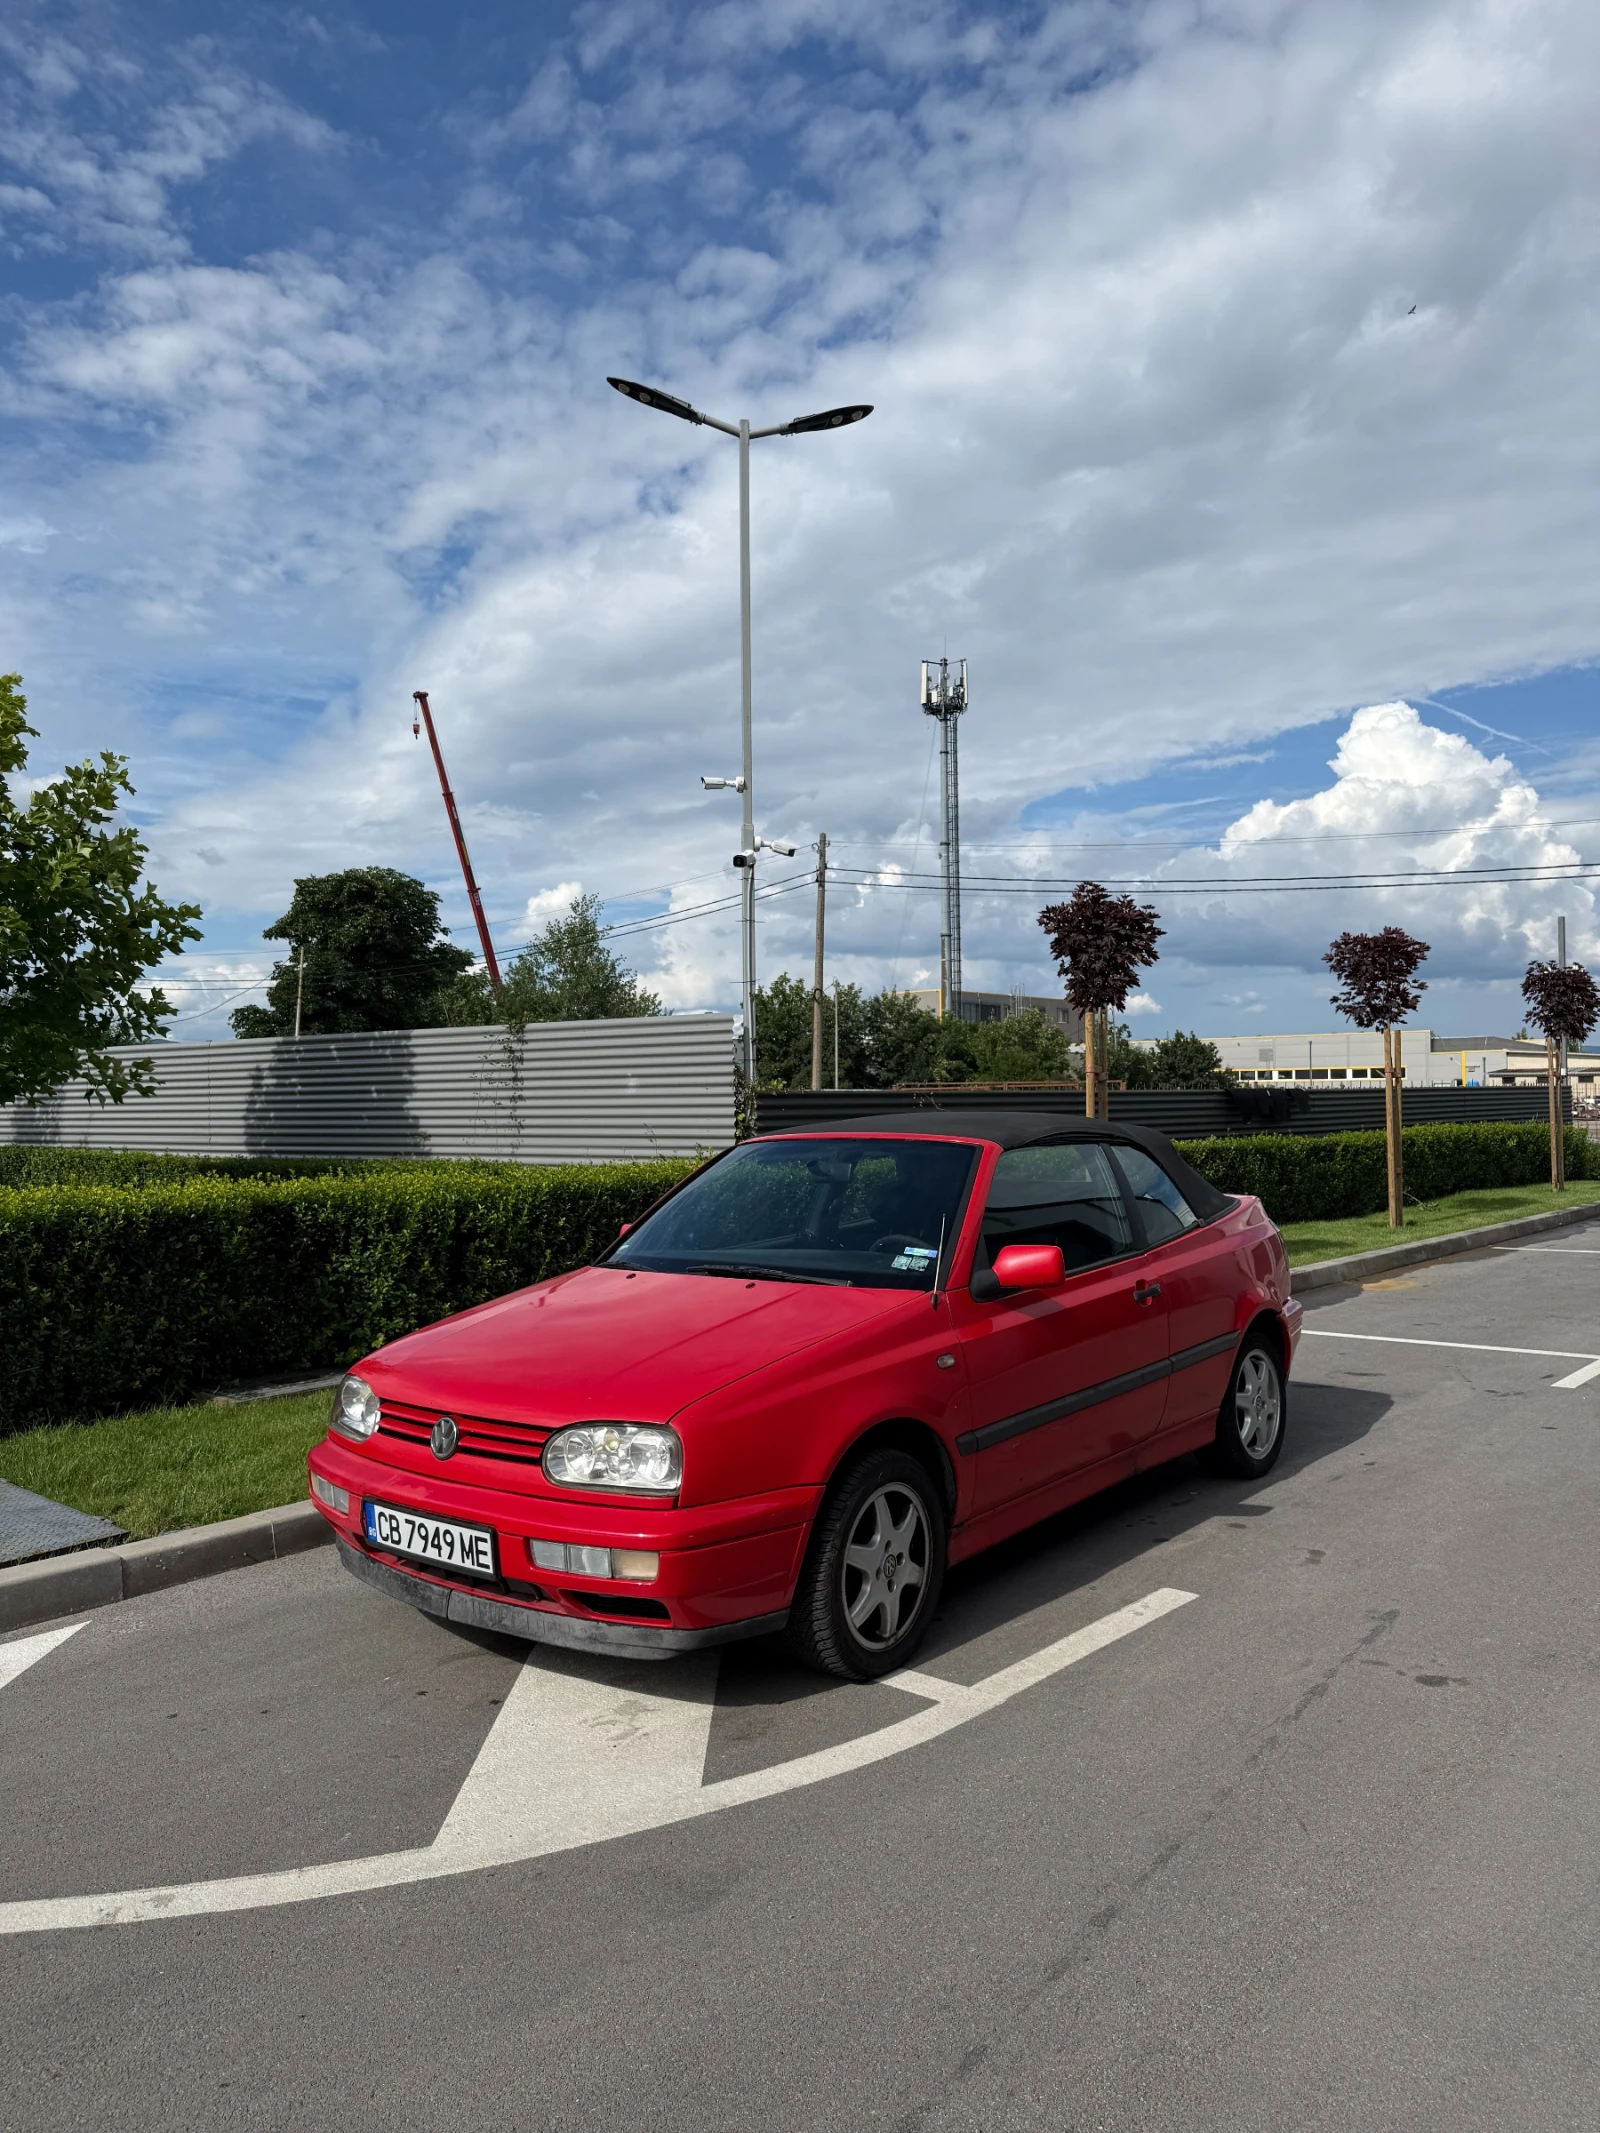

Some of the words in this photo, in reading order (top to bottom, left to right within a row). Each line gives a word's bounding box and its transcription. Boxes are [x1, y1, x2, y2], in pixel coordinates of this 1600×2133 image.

[368, 1526, 377, 1537] BG
[377, 1511, 402, 1546] CB
[404, 1518, 455, 1560] 7949
[459, 1531, 491, 1570] ME

----

TASK DETAILS:
In the copy, every entry must appear exactly as written, and no picture may appear.

EXPECTED ANSWER:
Some of the words in this photo, in reading order (top to bottom, left to right within a row). Each line gives a word's bounding box and its transcription. Boxes are [x1, y1, x2, y2], in pixel coordinates of this 1600×2133 image.

[368, 1526, 377, 1537] BG
[377, 1511, 402, 1546] CB
[404, 1518, 455, 1560] 7949
[459, 1531, 491, 1570] ME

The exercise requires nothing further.